### What to produce
Reproduce every line below exactly as written; do not include the images.
--- --- ---
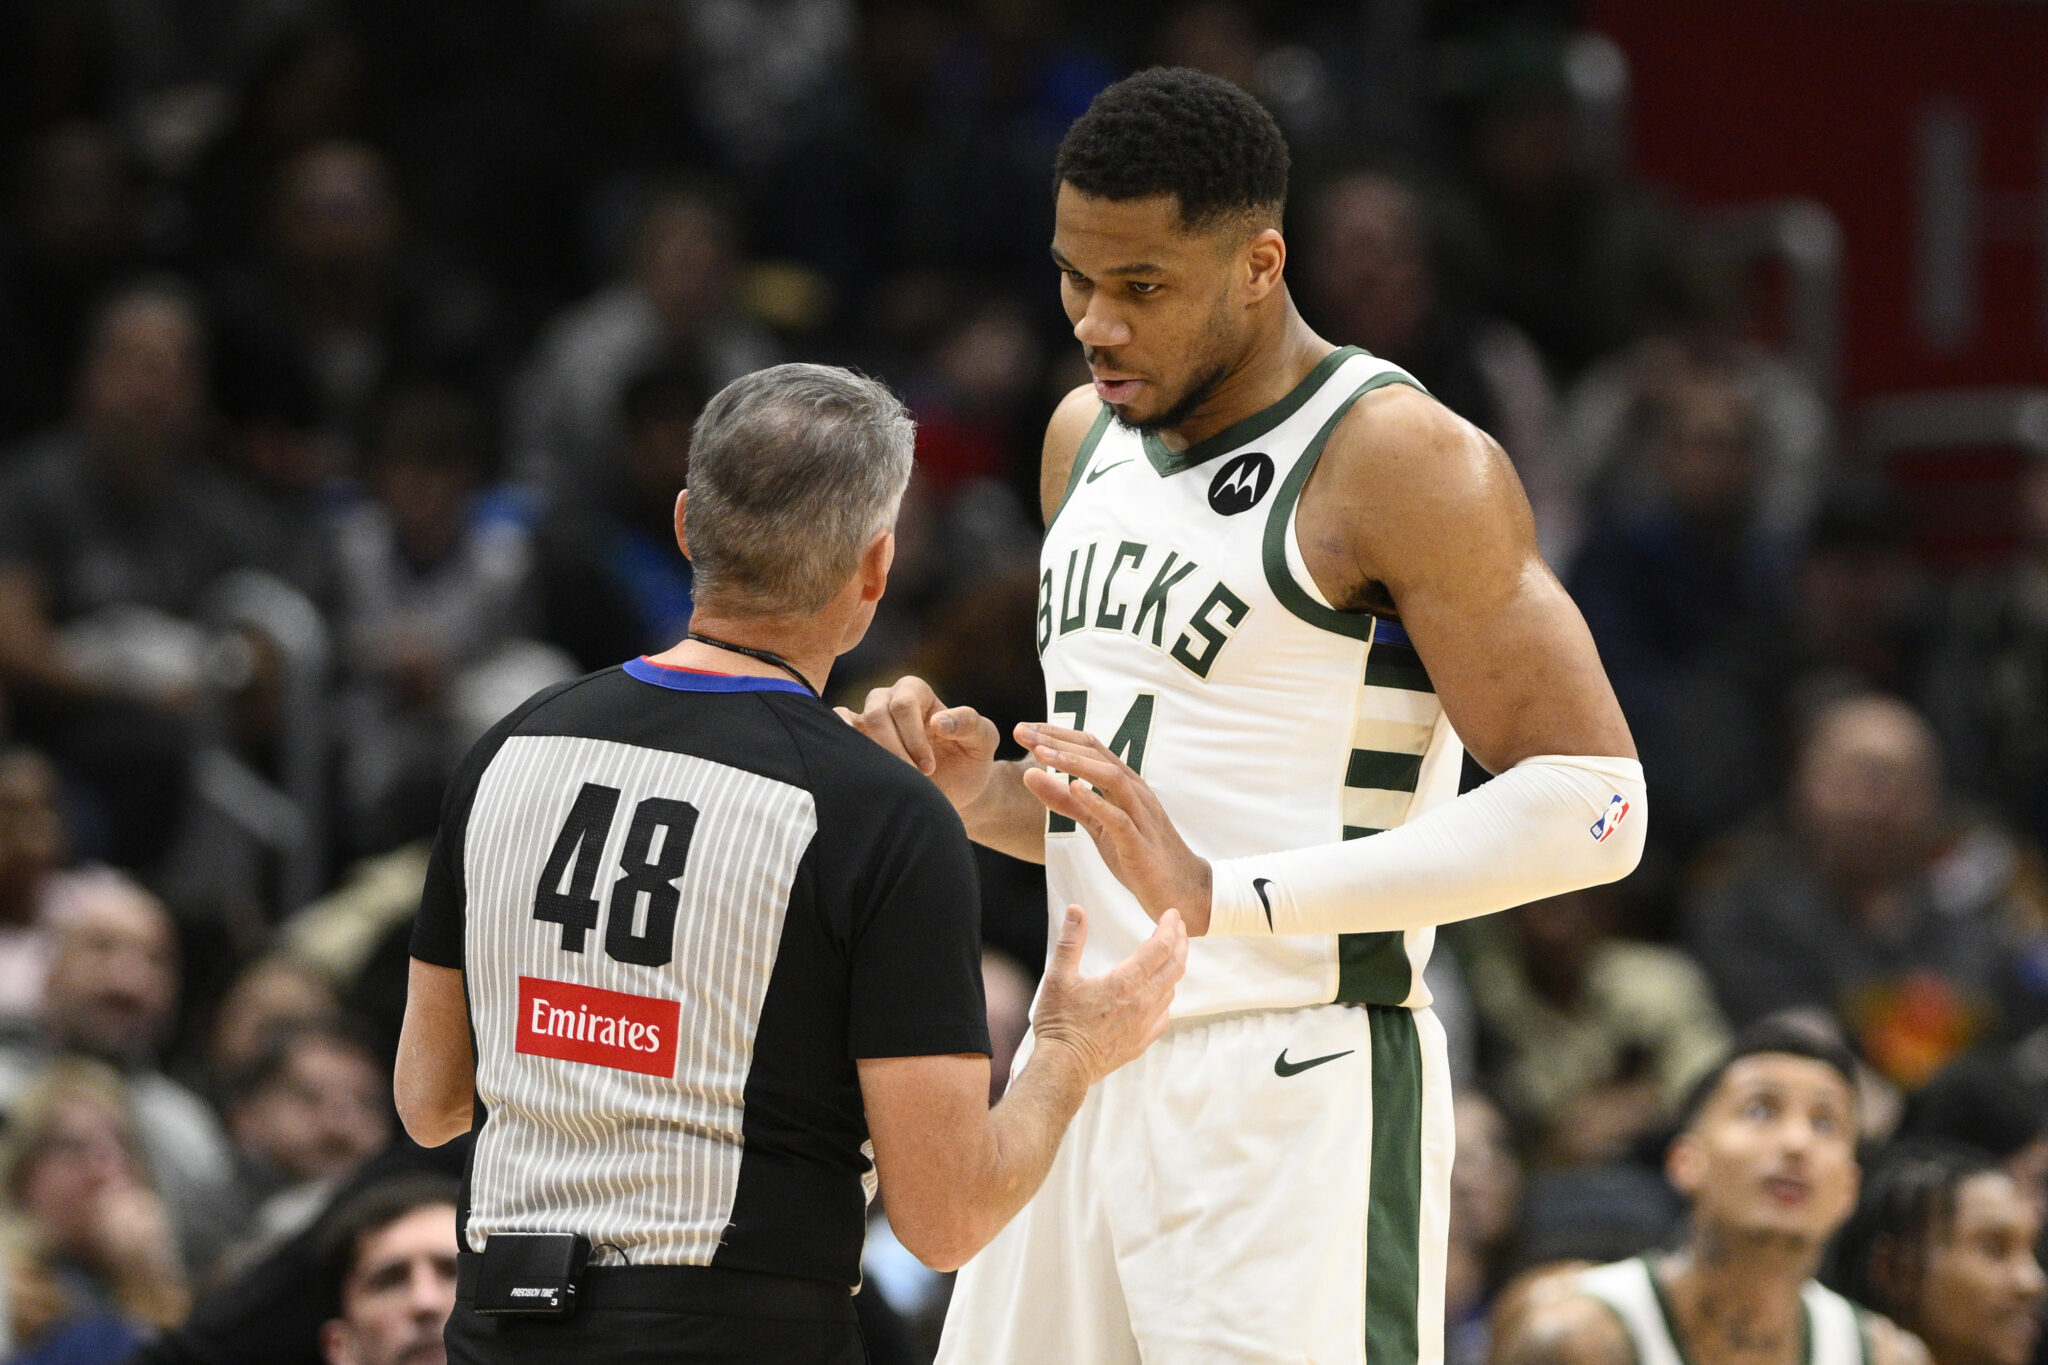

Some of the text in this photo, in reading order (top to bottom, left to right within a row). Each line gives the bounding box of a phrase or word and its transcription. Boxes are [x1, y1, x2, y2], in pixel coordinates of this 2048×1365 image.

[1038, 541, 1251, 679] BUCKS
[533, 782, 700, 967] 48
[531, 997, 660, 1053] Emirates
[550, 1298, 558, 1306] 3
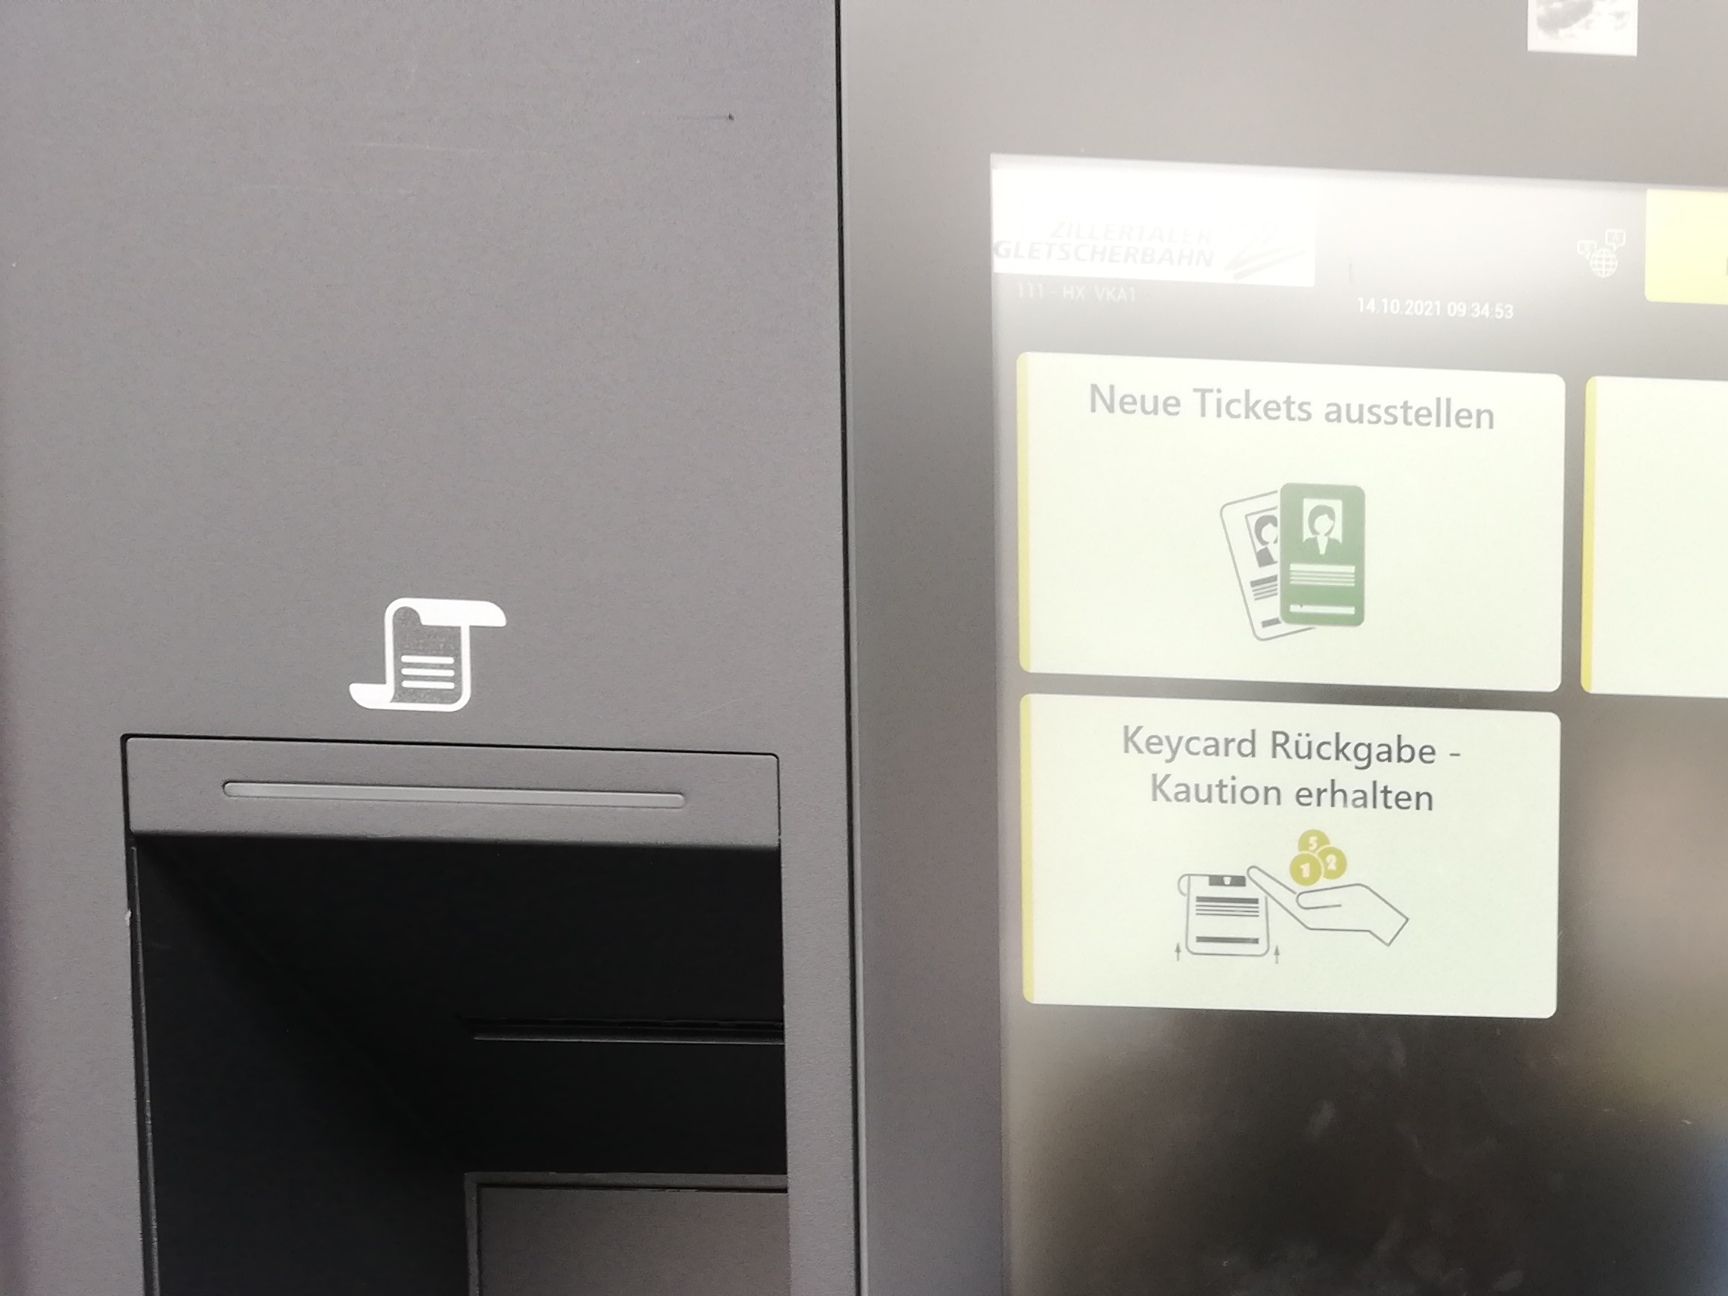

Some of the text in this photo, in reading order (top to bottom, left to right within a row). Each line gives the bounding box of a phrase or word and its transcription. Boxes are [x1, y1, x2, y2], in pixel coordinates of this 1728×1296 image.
--- --- ---
### Solved exercise
Some of the text in this photo, in reading order (top to bottom, left to right within a row). Each line gives the bounding box of a phrase or word and its transcription. Boxes are [x1, y1, x2, y2], in pixel coordinates of this 2048×1365 image.

[1038, 541, 1251, 679] BUCKS
[533, 782, 700, 967] 48
[531, 997, 660, 1053] Emirates
[550, 1298, 558, 1306] 3

Some of the text in this photo, in reading order (top to bottom, left to right within a row). Each line gives the bounding box of a phrase or word and its transcription. Boxes are [x1, y1, x2, y2], in pixel coordinates of this 1728×1296 image.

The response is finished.